The Harvard has long shown that it can fly, dive and hover like a real insect, and now it can land like one, too. The team led by Robert Wood, the Harry Lewis and Marlyn McGrath professor of engineering and applied sciences in the John A Paulson School of Engineering and Applied Sciences (SEAS), has provided the robot with a set of long, jointed legs that help ease its transition from air to ground. The robot has also received an updated controller that helps it decelerate on approach, resulting in a gentle plop-down. These improvements protect the robot’s delicate piezoelectric actuators – energy-dense ‘muscles’ deployed for flight that are easily fractured by external forces from rough landings and collisions.
Landing has been problematic for the RoboBee due in part to how small and light it is – weighing just a tenth of a gram, with a wingspan of three centimetres. Previous iterations suffered from significant ground effect, or instability as a result of air vortices from its flapping wings – much like the groundward-facing full-force gales generated by helicopter propellers.
‘Previously, if we were to go in for a landing, we’d turn off the vehicle a little bit above the ground and just drop it, and pray that it would land upright and safely,’ explained Christian Chan, a graduate student who led the mechanical redesign of the robot.
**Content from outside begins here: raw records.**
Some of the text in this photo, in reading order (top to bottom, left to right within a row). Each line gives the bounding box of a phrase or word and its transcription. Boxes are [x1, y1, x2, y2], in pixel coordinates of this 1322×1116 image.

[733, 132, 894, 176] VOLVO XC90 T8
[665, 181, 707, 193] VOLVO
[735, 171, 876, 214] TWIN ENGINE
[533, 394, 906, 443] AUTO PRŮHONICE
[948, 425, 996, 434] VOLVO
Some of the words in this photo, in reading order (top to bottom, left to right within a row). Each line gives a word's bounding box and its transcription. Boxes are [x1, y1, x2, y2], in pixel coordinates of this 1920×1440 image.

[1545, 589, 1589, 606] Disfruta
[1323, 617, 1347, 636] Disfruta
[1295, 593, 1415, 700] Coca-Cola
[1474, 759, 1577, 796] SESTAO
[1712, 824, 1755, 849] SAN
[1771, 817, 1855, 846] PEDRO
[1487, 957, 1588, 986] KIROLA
The improvements to the robot’s controller, or brain, which enable it to adapt to the ground effects as it approaches, was led by former postdoctoral researcher Nak-seung Patrick Hyun, who led controlled landing tests on a leaf as well as rigid surfaces.

‘The successful landing of any flying vehicle relies on minimising the velocity as it approaches the surface before impact and dissipating energy quickly after the impact,’ said Hyun, who is now an assistant professor at Purdue University. ‘Even with the tiny wing flaps of RoboBee, the ground effect is non-negligible when flying close to the surface, and things can get worse after the impact as it bounces and tumbles.’
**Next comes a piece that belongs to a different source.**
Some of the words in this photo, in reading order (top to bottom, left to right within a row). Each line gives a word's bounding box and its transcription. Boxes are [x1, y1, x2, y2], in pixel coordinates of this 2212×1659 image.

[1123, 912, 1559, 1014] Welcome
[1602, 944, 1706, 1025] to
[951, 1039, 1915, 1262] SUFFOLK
The lab looked to nature to inspire mechanical upgrades for skilful flight and graceful landing on a variety of terrains. They chose the crane fly, a relatively slow-moving, harmless insect that emerges from spring to autumn and is often mistaken for a giant mosquito. ‘The size and scale of our platform’s wingspan and body size was fairly similar to crane flies,’ Chan said.
They noted crane flies’ long, jointed appendages, which most likely give the insects the ability to dampen their landings. Crane flies are further characterised by their short-duration flights – much of their brief adult lifespan (days to a couple weeks) is spent landing and taking off.

Considering specimen records from Harvard’s Museum of Comparative Zoology database, the team created prototypes of different leg architectures, settling on designs similar to a crane fly’s leg segmentation and joint location. The lab used manufacturing methods pioneered in the Harvard Microrobotics Lab for adapting the stiffness and damping of each joint.
Postdoctoral researcher Alyssa Hernandez brought her biology expertise to the project, having received a PhD from Harvard’s Department of Organismic and Evolutionary Biology, where she studied insect locomotion. ‘RoboBee is an excellent platform to explore the interface of biology and robotics,’ Hernandez said. ‘Seeking bioinspiration within the amazing diversity of insects offers us countless avenues to continue improving the robot. Reciprocally, we can use these robotic platforms as tools for biological research, producing studies that test biomechanical hypotheses.’
Currently the RoboBee stays tethered to off-board control systems. The team will continue to focus on scaling up the vehicle and incorporating onboard electronics to give the robot sensor, power and control autonomy – a three-pronged holy grail that would allow the RoboBee platform to truly take off.
‘The longer-term goal is full autonomy, but in the interim, we have been working through challenges for electrical and mechanical components using tethered devices,’ said Wood. ‘The safety tethers were, unsurprisingly, getting in the way of our experiments, and so safe landing is one critical step to remove those tethers.’
The RoboBee’s diminutive size and insect-like flight prowess offer intriguing possibilities for future applications, including environmental monitoring and disaster surveillance. Among Chan’s favourite potential applications is artificial pollination – picture swarms of RoboBees buzzing around vertical farms and gardens of the future.
The research has been published in Science Robotics.